Wenn man aber so ganz natürlich nicht schwanger wird, beginnt für viele Betroffene eine Tortur zwischen Hoffnung und Enttäuschung. Biologisches Schicksal wird dabei immer weniger akzeptiert. Zwar nimmt ab dem 30. Lebensjahr die Fruchtbarkeit einer Frau stetig ab. Doch es gibt immer mehr „späte Mütter“, und die müssen sich oft rechtfertigen.

„Wir tolerieren das seit Jahrhunderten für die Väter“, sagt Claudia Wiesemann. „Väter können über 60, über 70, über 80 sein. Da wird selten ein kritisches Wort darüber verloren. Wenn Frauen nun in dieses Alter kommen, schwanger werden können in diesem Alter, dann muss man die Frage stellen: Sind hier nicht auch Gleichheitserwägungen wichtig?“

Warum nicht nutzen, was technisch möglich ist?
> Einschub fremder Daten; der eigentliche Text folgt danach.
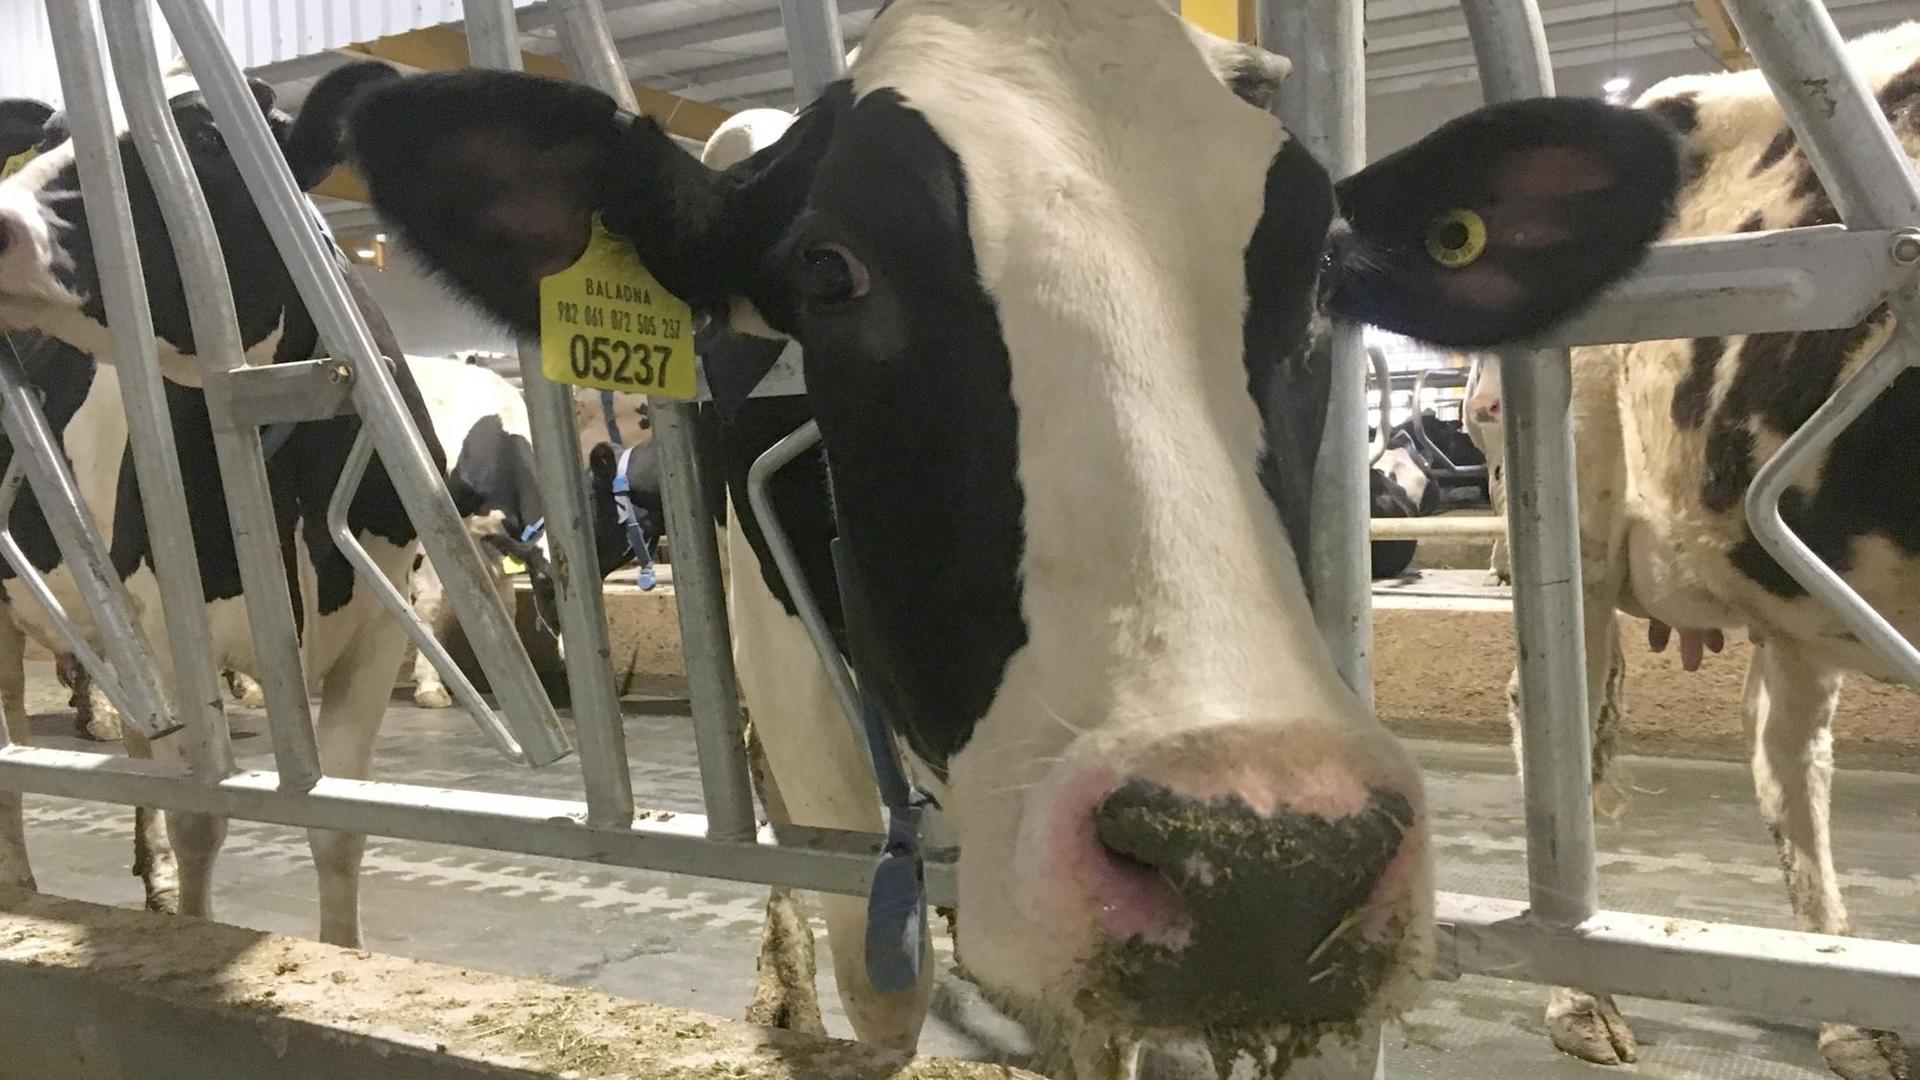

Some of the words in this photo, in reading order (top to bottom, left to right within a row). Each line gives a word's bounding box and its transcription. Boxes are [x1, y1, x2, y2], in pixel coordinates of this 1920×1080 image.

[585, 278, 651, 304] BALADNA
[557, 301, 578, 324] 982
[584, 305, 604, 328] 061
[611, 309, 631, 333] 072
[662, 318, 681, 340] 237
[570, 334, 672, 388] 05237
Die Medizin durchbricht biologische Grenzen und krankheitsbedingte Unfruchtbarkeit. Warum also nicht nutzen, was technisch geht? „Es ist dann eben die Frage: Wo zieht das Paar eine Grenze?“, so Bachinger. „Und wenn dann so was dazukommt wie Eizellenspende oder Leihmutterschaft, dann benötige ich einfach andere Menschen, in dem Fall Frauen, die sich Risiken unterziehen müssen. Die hormonell stimuliert werden müssen, die das ja vor allem wegen des Geldes tun. Und da beginnt für mich schon eine große ethische Frage, ob man das Recht dazu hat.“

Eizellspenden kosten je nach Land etwa zwischen 6.000 und 12.000 Euro. Leihmütter bis zu 100.000 Euro. Eine Win-Win-Situation? Die Frauen bekommen doch Geld, die Paare ihr ersehntes Kind.
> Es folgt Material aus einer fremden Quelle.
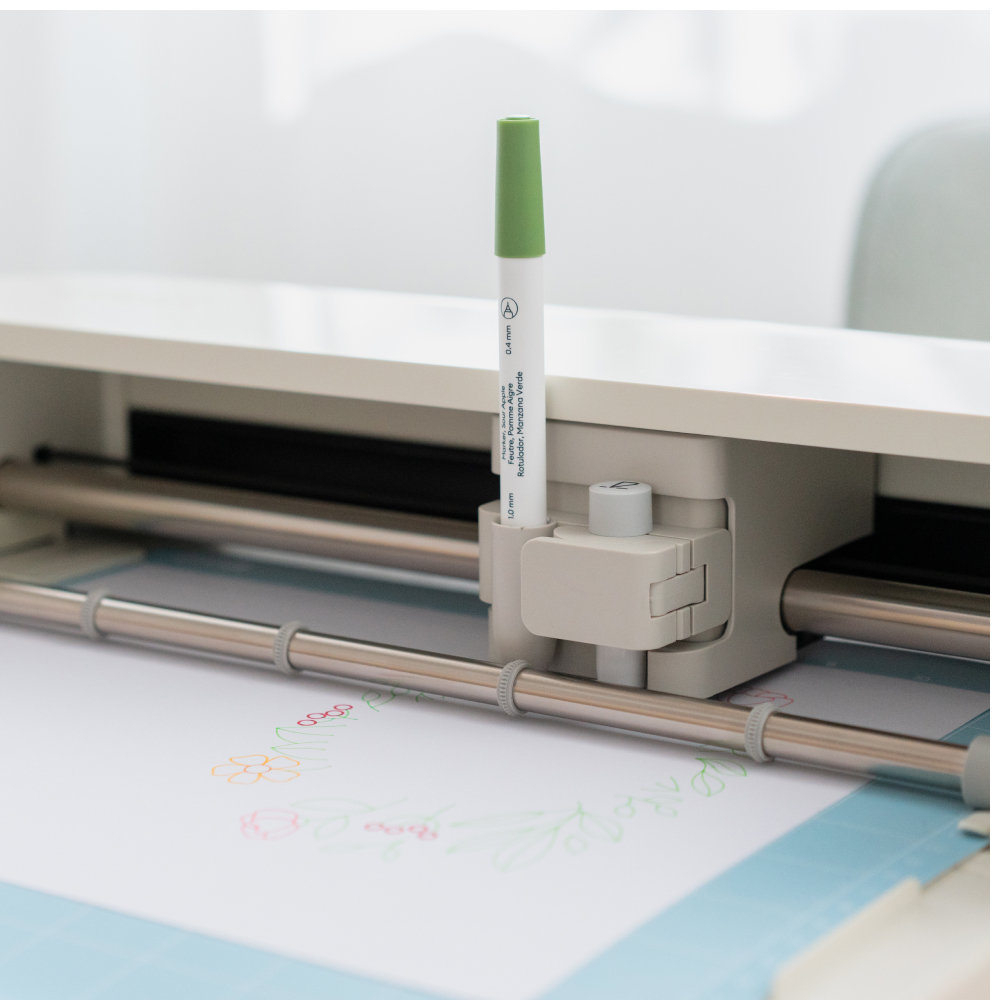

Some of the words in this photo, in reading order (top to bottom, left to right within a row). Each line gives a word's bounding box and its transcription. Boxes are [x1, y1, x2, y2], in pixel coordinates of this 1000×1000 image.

[506, 325, 511, 340] mm
[507, 383, 515, 405] Aigre
[517, 436, 525, 477] Rotulador,
[509, 493, 514, 508] mm
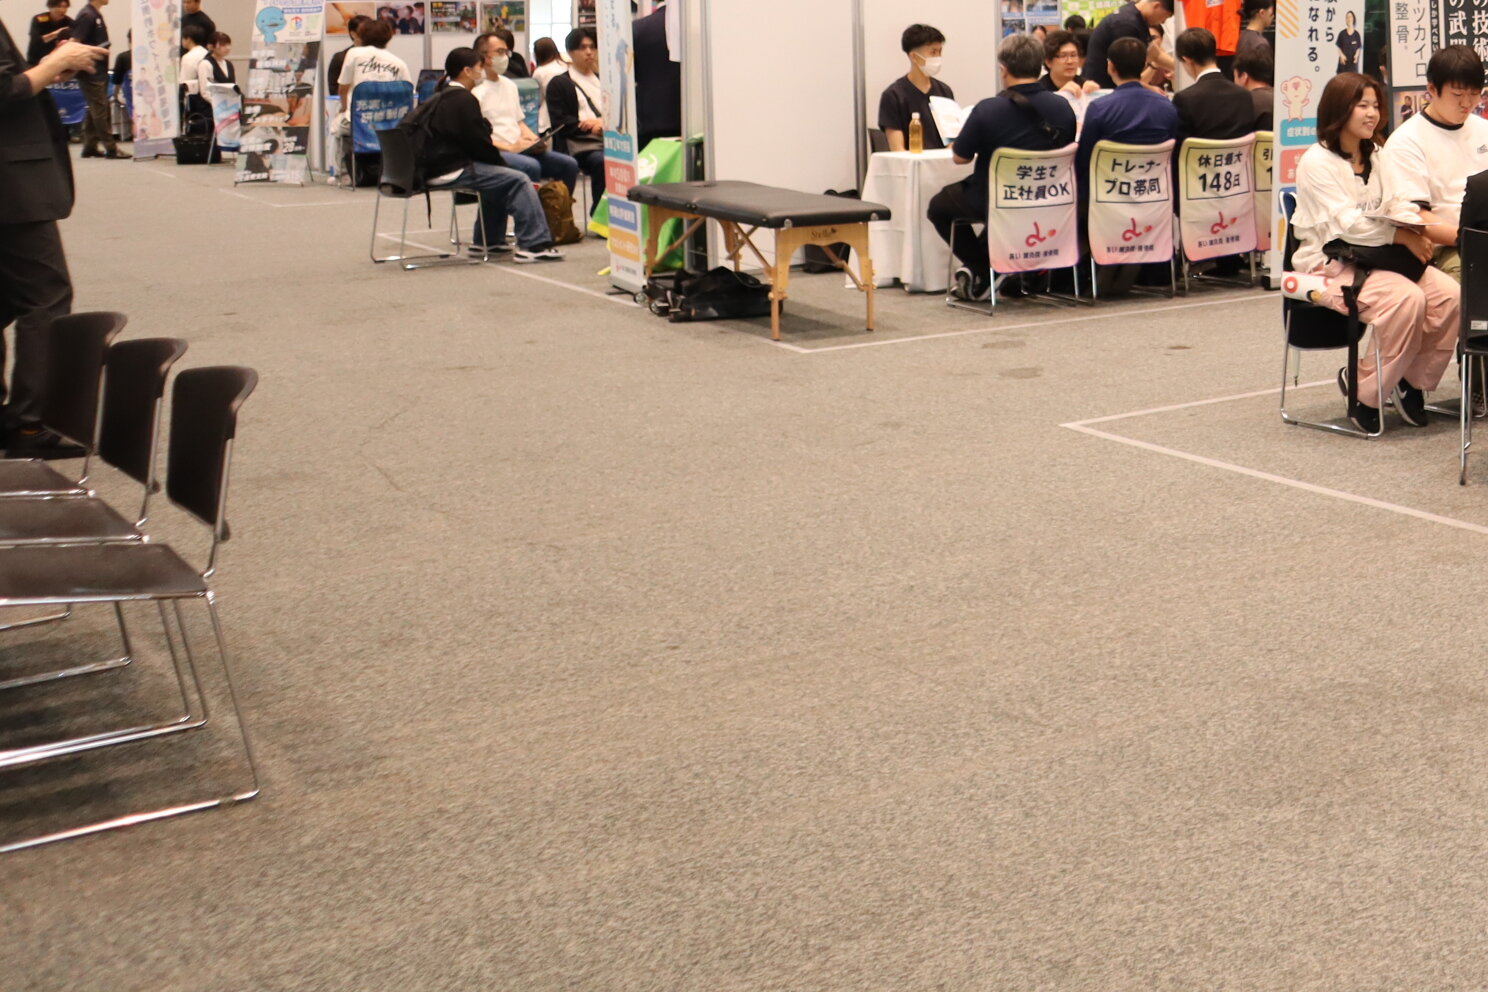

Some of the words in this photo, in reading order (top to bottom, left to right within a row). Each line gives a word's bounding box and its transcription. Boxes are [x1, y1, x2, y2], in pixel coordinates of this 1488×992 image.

[1111, 159, 1161, 173] トレーナー
[1198, 153, 1243, 168] 休日最大
[1016, 165, 1057, 181] 学生で
[1198, 170, 1241, 193] 148日
[1003, 182, 1070, 201] 正社員OK
[1105, 178, 1161, 196] プロ帯同
Indien als Billig-Mekka für Leihmütter

Die Dokumentation „Can I see the baby bum?“ zeigt die Realität. Indien gilt als das Billig-Mekka für Leihmütter. Die Lebensumstände der Frauen erinnern an die von Legehennen. Während der gesamten Schwangerschaft dürfen sie das Krankenhaus nicht verlassen – damit dem Kind nichts passiert. Geld gibt es nur, wenn die Frau ein gesundes Kind „abliefert“. Aber viele Befruchtungen scheitern. Rechte hat die Leihmutter keine.

„Das ist auch ein Grund, warum ich die Leihmutterschaft ablehne aus feministischer Sicht“, so Bachinger. „Weil die Leihmutter nicht mehr das Selbstbestimmungsrecht hat, über ihre Schwangerschaft zu entscheiden. Die Paare und die Ärzte haben immer Zugriff.“

„Die Leihmutterschaft selbst ist tatsächlich ein ganz problematisches Feld“, räumt Wiesemann ein. „Und genau da sind auch die Berührungen zu einer Warenwelt. Andere Bereiche der Reproduktionsmedizin sind sehr segensreich.“

Wie segensreich ist die Reproduktionsmedizin? Sicher sehr für die Paare, die sich heute ihr Wunschkind ermöglichen können. Aber dürfen Dritte darunter leiden? Und was ist mit dem Kind? Wenn es zum Beispiel mit dem Wissen aufwächst, dass seine Entstehung „gekauft“ wurde? Was wollen Eltern ihrem Wunschkind eigentlich zumuten?